Prior to the Effective Time, Foamix and Menlo have agreed to work together in good faith to determine, with respect to each Foamix Designee and each Menlo Designee, the committees on which each such Foamix Designee and Menlo Designee will serve and will select a Chairman of the Menlo Board and Committee Chairpersons from the Foamix Designees and Menlo Designees.

Immediately following the Effective Time, Menlo will take all action necessary to appoint the officers of Foamix to become the equivalent officers of Menlo until the earlier of their resignation or removal or until their respective successors are duly elected or appointed and qualified, as the case may be.

Conditions to the Merger

The consummation of the Merger is subject to customary closing conditions, including (i) the approval of the Merger Agreement by the affirmative vote of the holders of a majority of all outstanding Foamix Shares entitled to vote thereon, (ii) the approval of the issuance of Menlo Common Stock in the Merger and pursuant to the CSR Agreement by the affirmative vote of the holders of a majority of all outstanding Menlo Common Stock entitled to vote thereon, (iii) the absence of any adverse law or order promulgated, entered, enforced, enacted or issued by any governmental entity that prohibits, the consummation of the Merger or the transactions contemplated by the Merger Agreement, (iv) the shares of Menlo Common Stock to be issued in the Merger and in respect of the CSRs being approved for listing on the NASDAQ Global Select Market, (v) the expiration or termination of the waiting period under any applicable foreign antitrust, competition or similar law, (vi) the U.S. Securities and Exchange Commission (the “SEC”) having declared effective the Form S-4 Registration Statement of Menlo which will contain the joint proxy statement/prospectus of the parties in connection with the Merger, (vii) subject to certain materiality exceptions, the accuracy of certain representations and warranties of each of Menlo and Foamix


contained in the Merger Agreement and the compliance by each party with the covenants contained in the Merger Agreement, (viii) the absence of a material adverse effect with respect to each of Menlo and Foamix, (ix) at least fifty days having elapsed after the filing of the merger proposal with the Israeli Registrar of Companies and expiration of the thirty-day waiting period following the approval of the Merger by Foamix shareholders as referenced in (ii) above and (x) a letter from the Israel Securities Authority (“ISA”) will have been received exempting Menlo from publishing a prospectus under Israeli law in respect of the Merger Consideration (or Menlo will have received a permit from the ISA for a registration statement with respect to the dual listing of the shares of Menlo Common stock at the Tel Aviv Stock Exchange and an exemption from the requirement to publish a prospectus under Israeli law in respect of the Merger Consideration) or Menlo will publish a prospectus under Israeli law in respect of the Merger Consideration.

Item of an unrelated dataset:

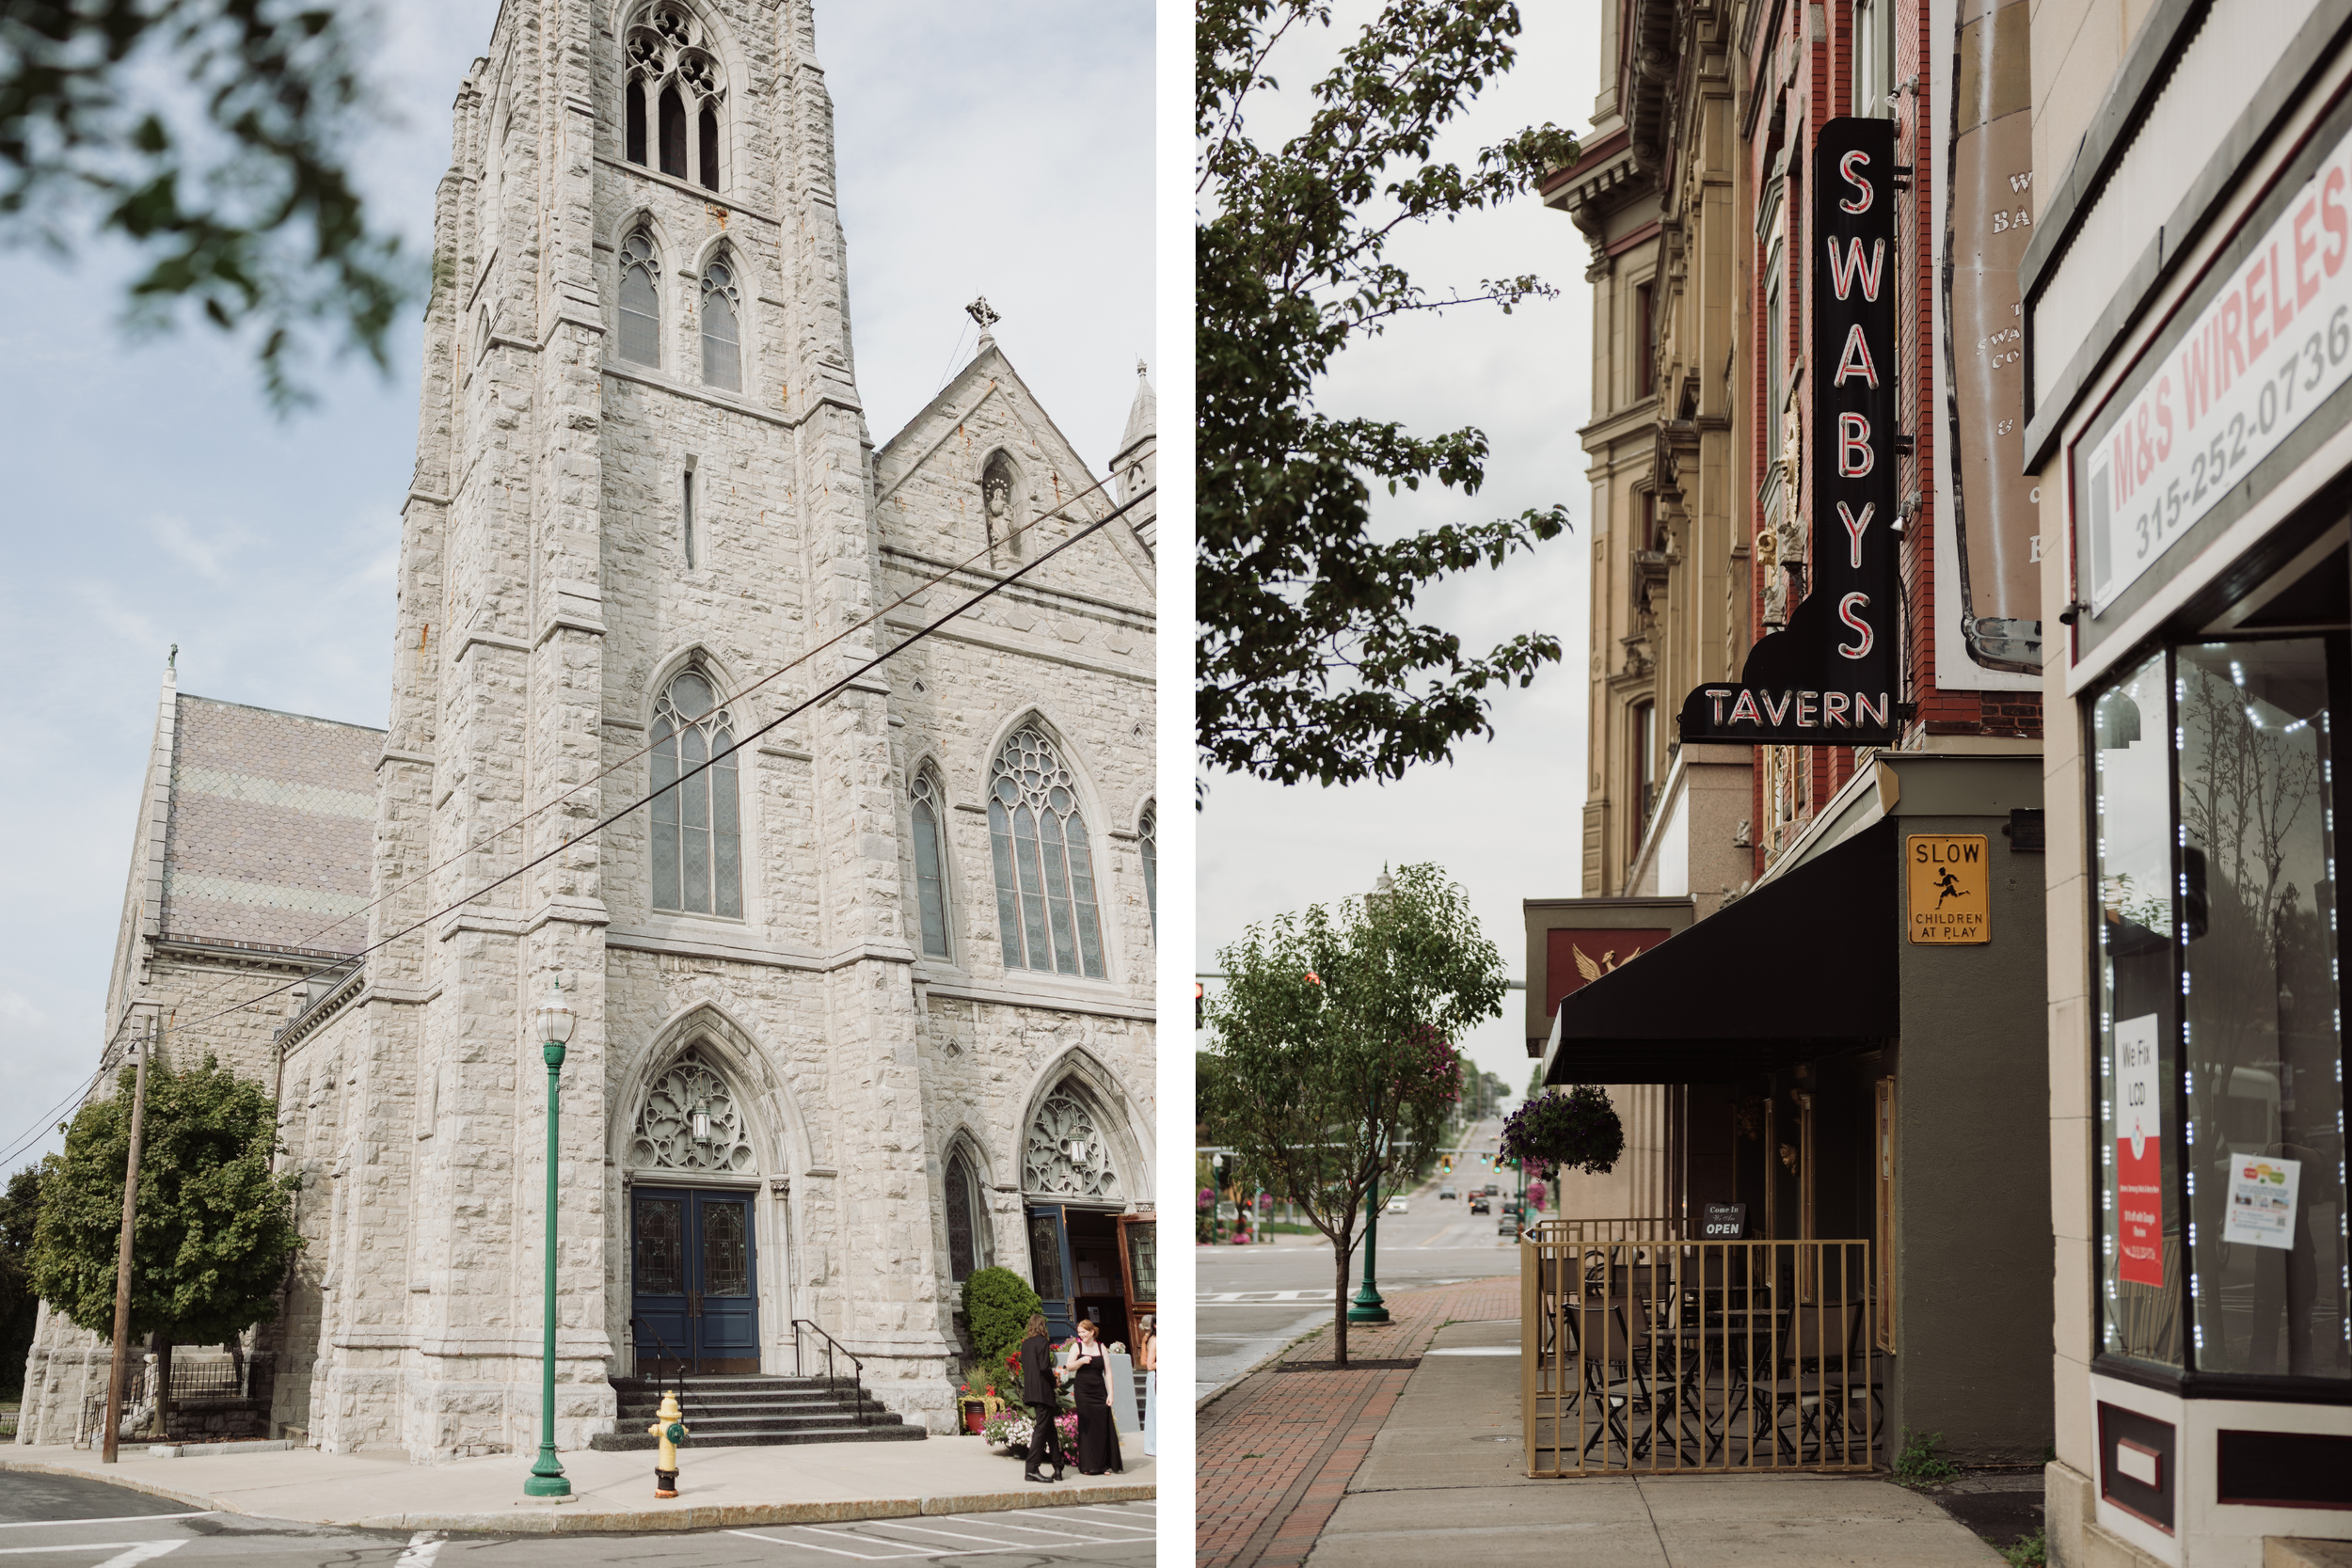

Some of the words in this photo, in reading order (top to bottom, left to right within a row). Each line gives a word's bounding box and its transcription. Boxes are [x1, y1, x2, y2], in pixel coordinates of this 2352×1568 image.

The parties expect the Merger to be completed by the end of the first quarter of 2020 or early in the second quarter of 2020.

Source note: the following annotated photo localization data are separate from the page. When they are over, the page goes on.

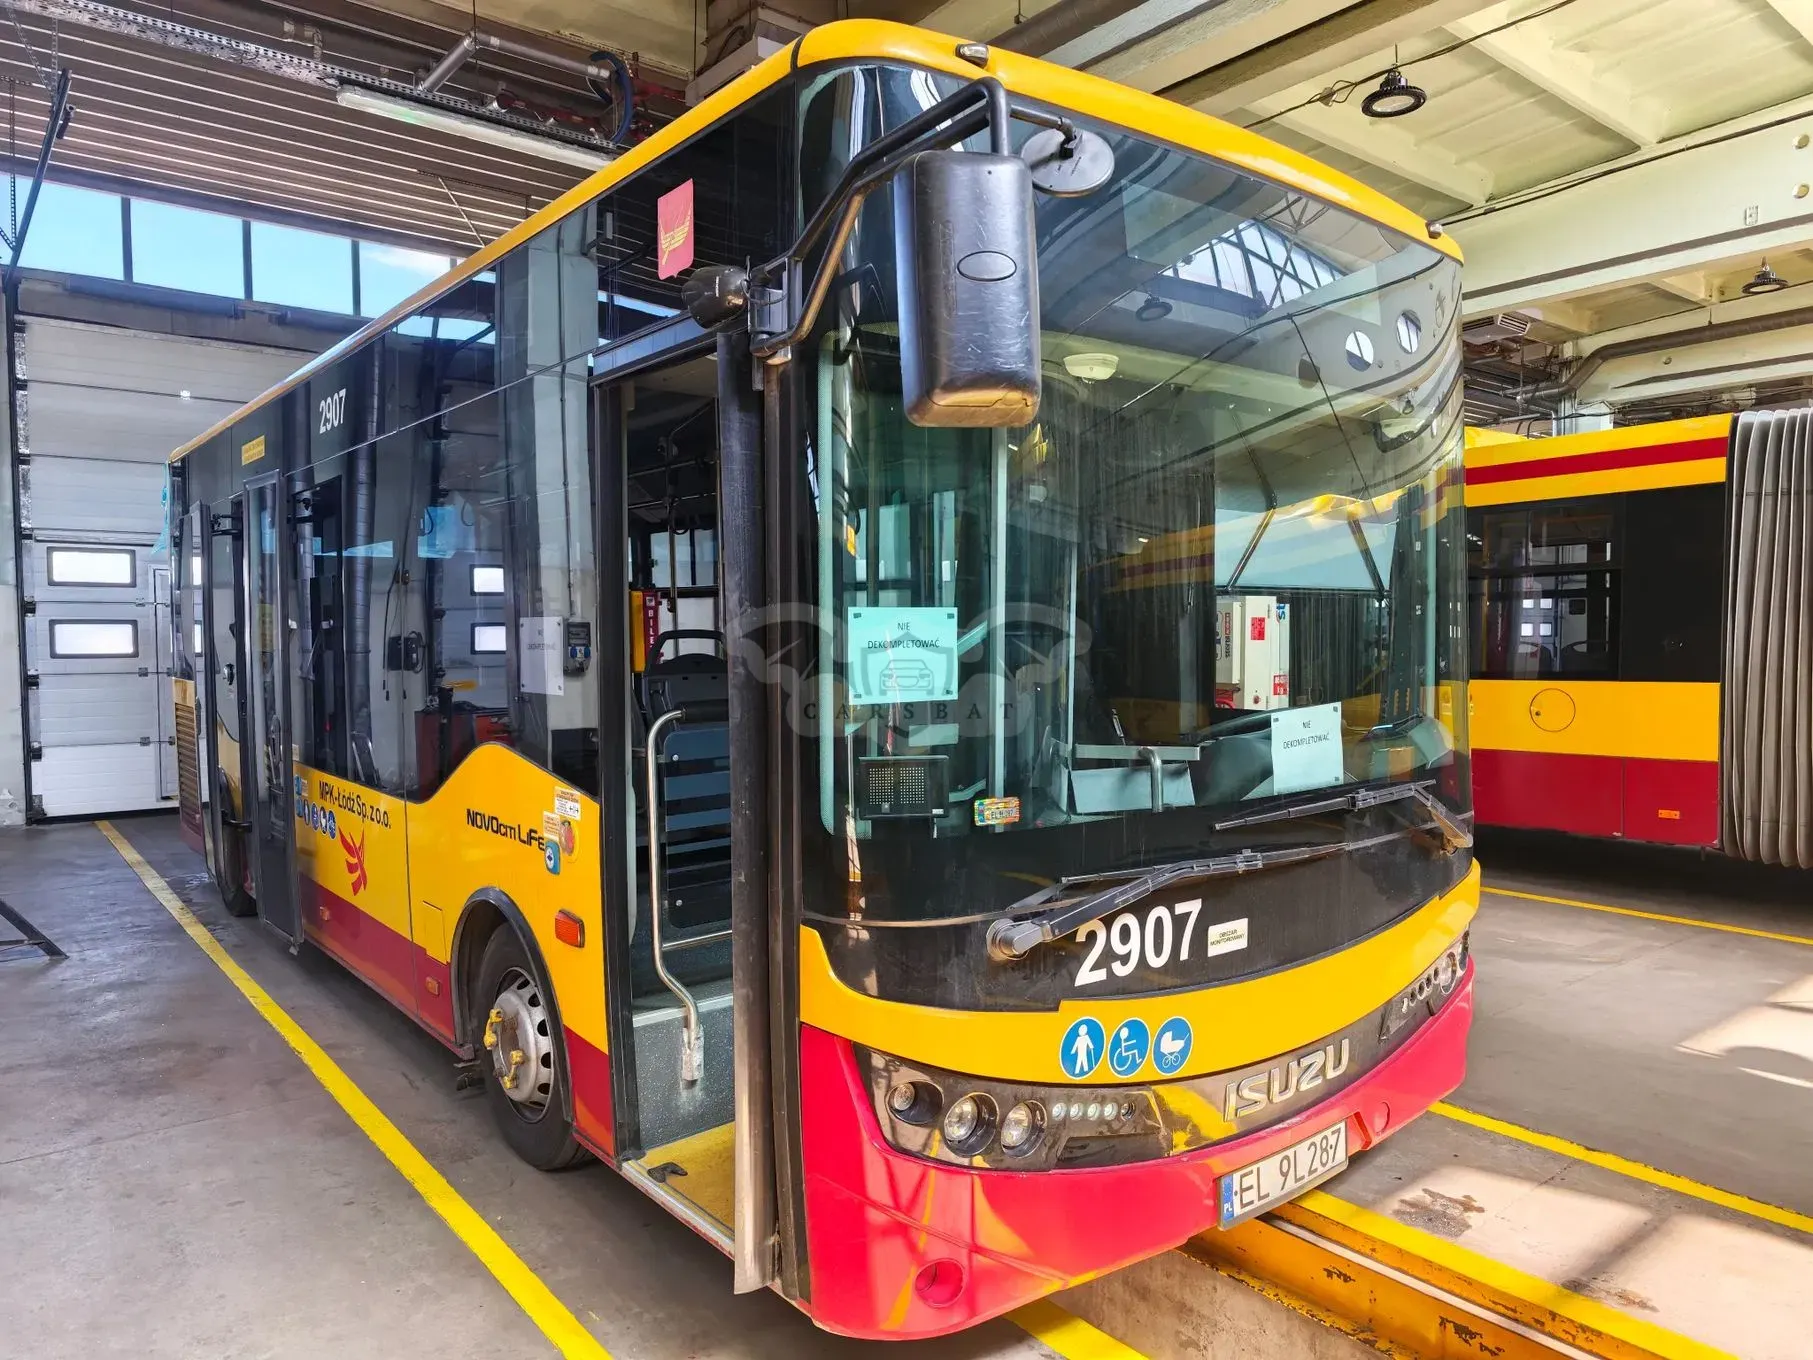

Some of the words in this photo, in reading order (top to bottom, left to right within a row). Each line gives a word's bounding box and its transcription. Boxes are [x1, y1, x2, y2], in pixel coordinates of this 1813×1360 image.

[319, 388, 347, 434] 2907
[897, 621, 911, 631] NIE
[867, 636, 941, 649] DEKOMPLETOWAĆ
[1302, 720, 1312, 729] NIE
[1282, 732, 1330, 750] DEKOMPLETOWAĆ
[1074, 898, 1202, 987] 2907
[1223, 1038, 1349, 1122] ISUZU
[1239, 1166, 1270, 1210] EL
[1279, 1127, 1342, 1192] 9L287
[1223, 1202, 1233, 1213] PL

Certain Other Terms of the Merger Agreement

The Merger Agreement includes certain representations, warranties and covenants, including, among other things, covenants by Menlo and Foamix to conduct their businesses in the ordinary course during the period between the execution of the Merger Agreement and consummation of the Merger and to refrain from taking certain actions specified in the Merger Agreement.

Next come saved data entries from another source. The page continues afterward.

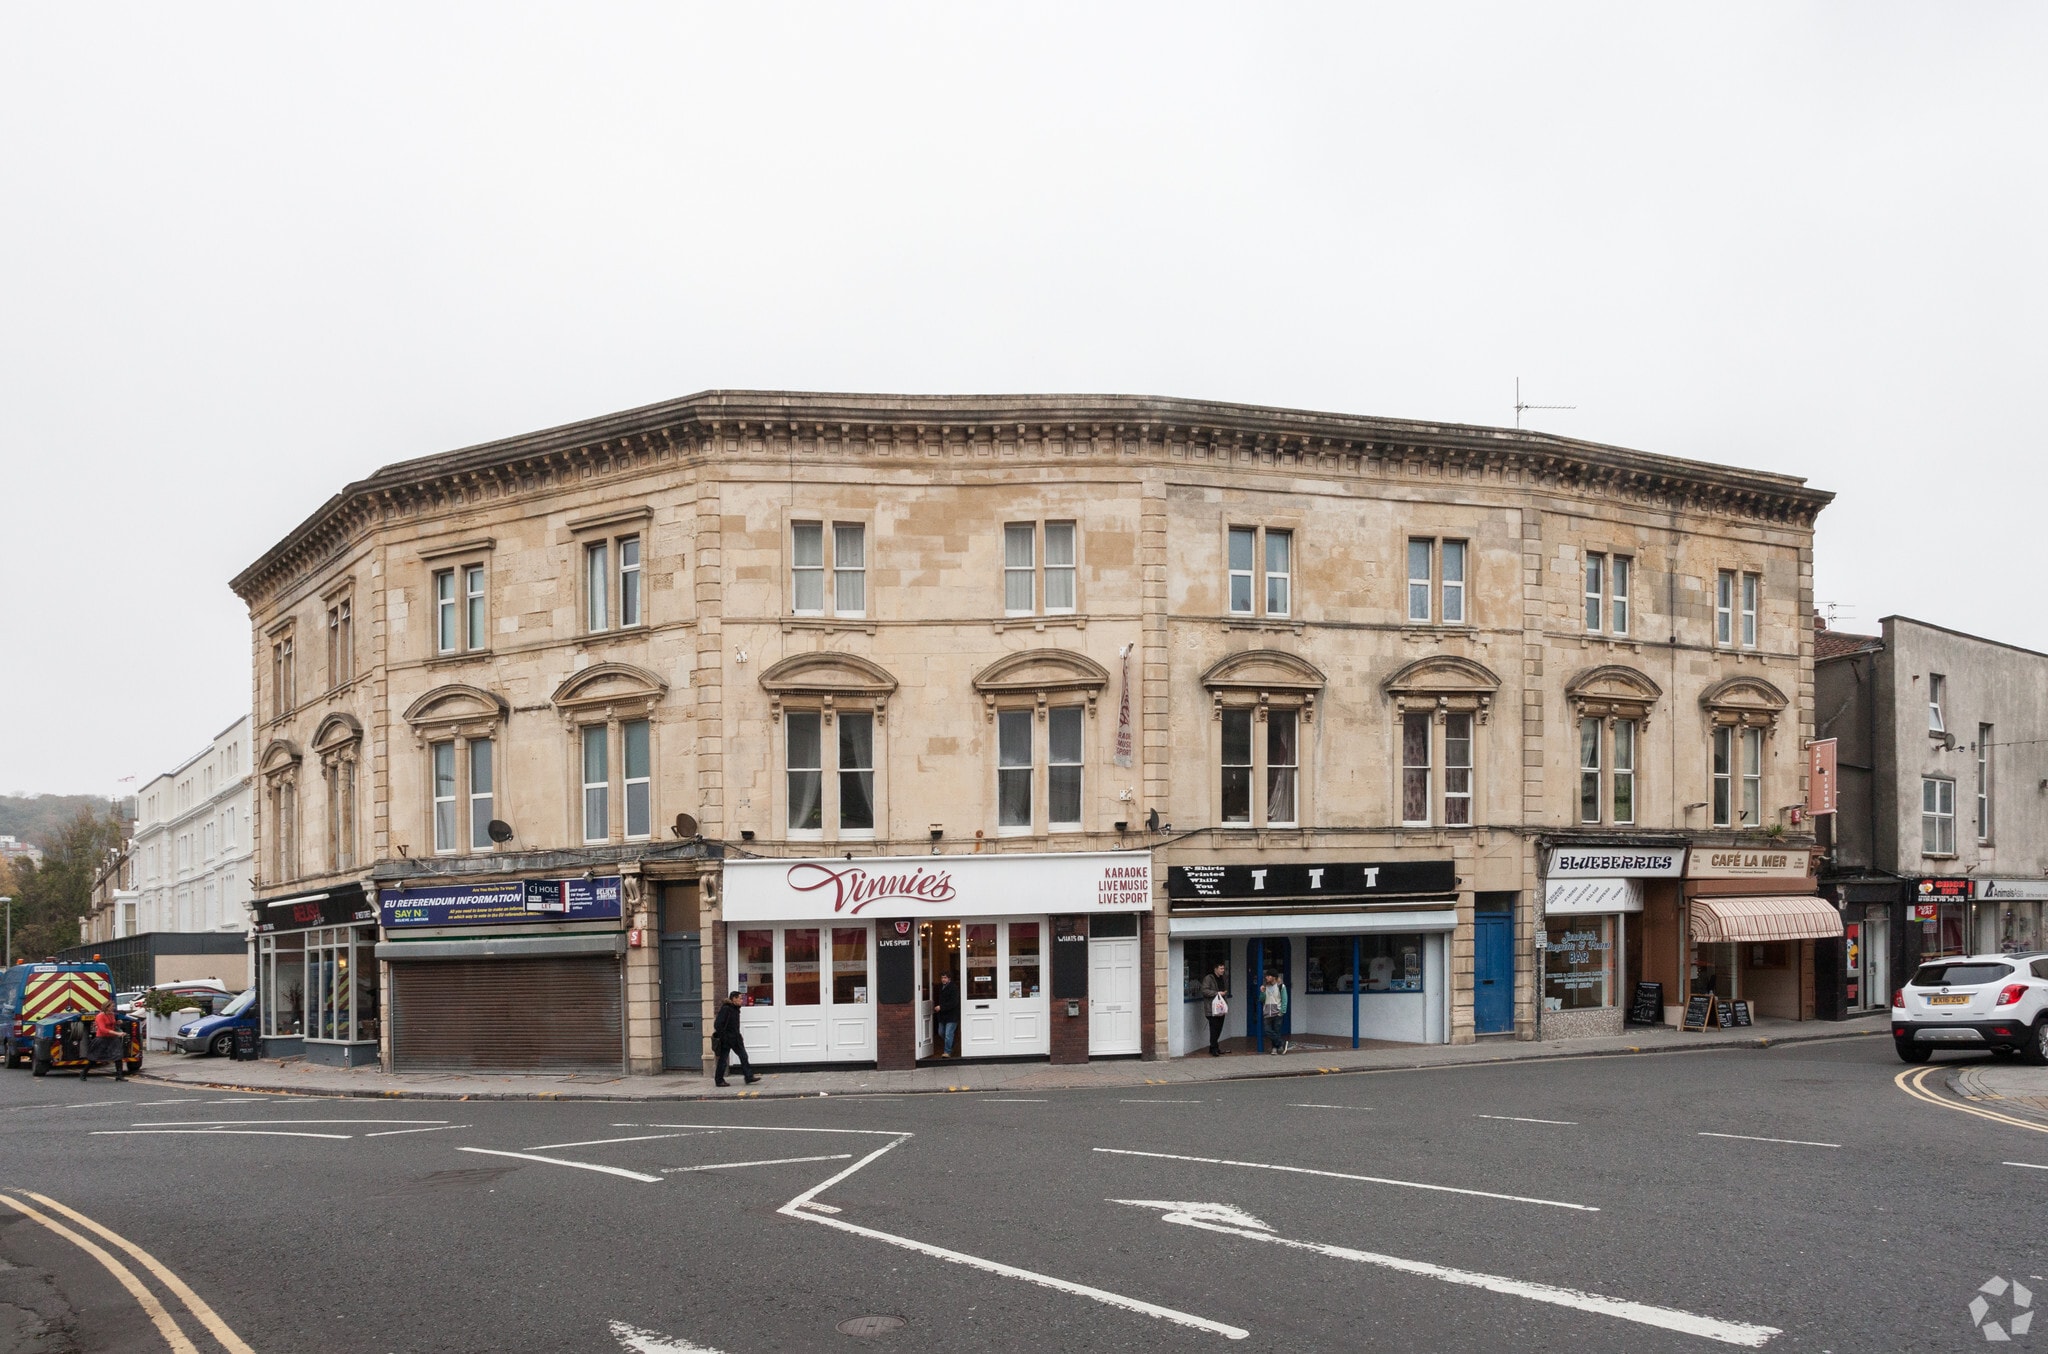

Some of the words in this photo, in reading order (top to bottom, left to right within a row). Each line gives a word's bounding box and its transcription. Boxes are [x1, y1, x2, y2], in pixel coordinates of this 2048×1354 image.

[1559, 856, 1672, 870] BLUEBERRIES
[1711, 852, 1741, 867] CAFÉ
[1744, 854, 1758, 867] LA
[1762, 854, 1787, 868] MER
[1104, 866, 1148, 878] KARAOKE
[787, 863, 956, 914] Vinnie's
[1098, 880, 1118, 891] LIVE
[1120, 880, 1148, 890] MUSIC
[384, 900, 397, 908] EU
[397, 896, 456, 908] REFERENDUM
[456, 893, 522, 905] INFORMATION
[1098, 893, 1118, 904] LIVE
[1120, 892, 1148, 904] SPORT
[394, 909, 412, 918] SAY
[414, 908, 429, 917] NO
[631, 932, 638, 940] S
[1569, 952, 1589, 963] BAR

Neither Menlo nor Foamix is permitted to solicit, initiate or knowingly encourage or, or take any other action designed to, or which is reasonably expected to, facilitate, any competing transaction proposals from third parties or to engage in discussions or negotiations with third parties regarding any competing transaction proposals, unless its board determined in good faith that such counterparty is capable of making a takeover proposal that is reasonably expected to lead to a superior proposal, and the failure to take action would be inconsistent with the board’s fiduciary duties as determined by applicable law. Each party’s board of directors may change its recommendation to its stockholders in response to a superior proposal or an intervening event if the board of directors determines in good faith that the failure to take such action would constitute a breach of the directors’ fiduciary duties under applicable law.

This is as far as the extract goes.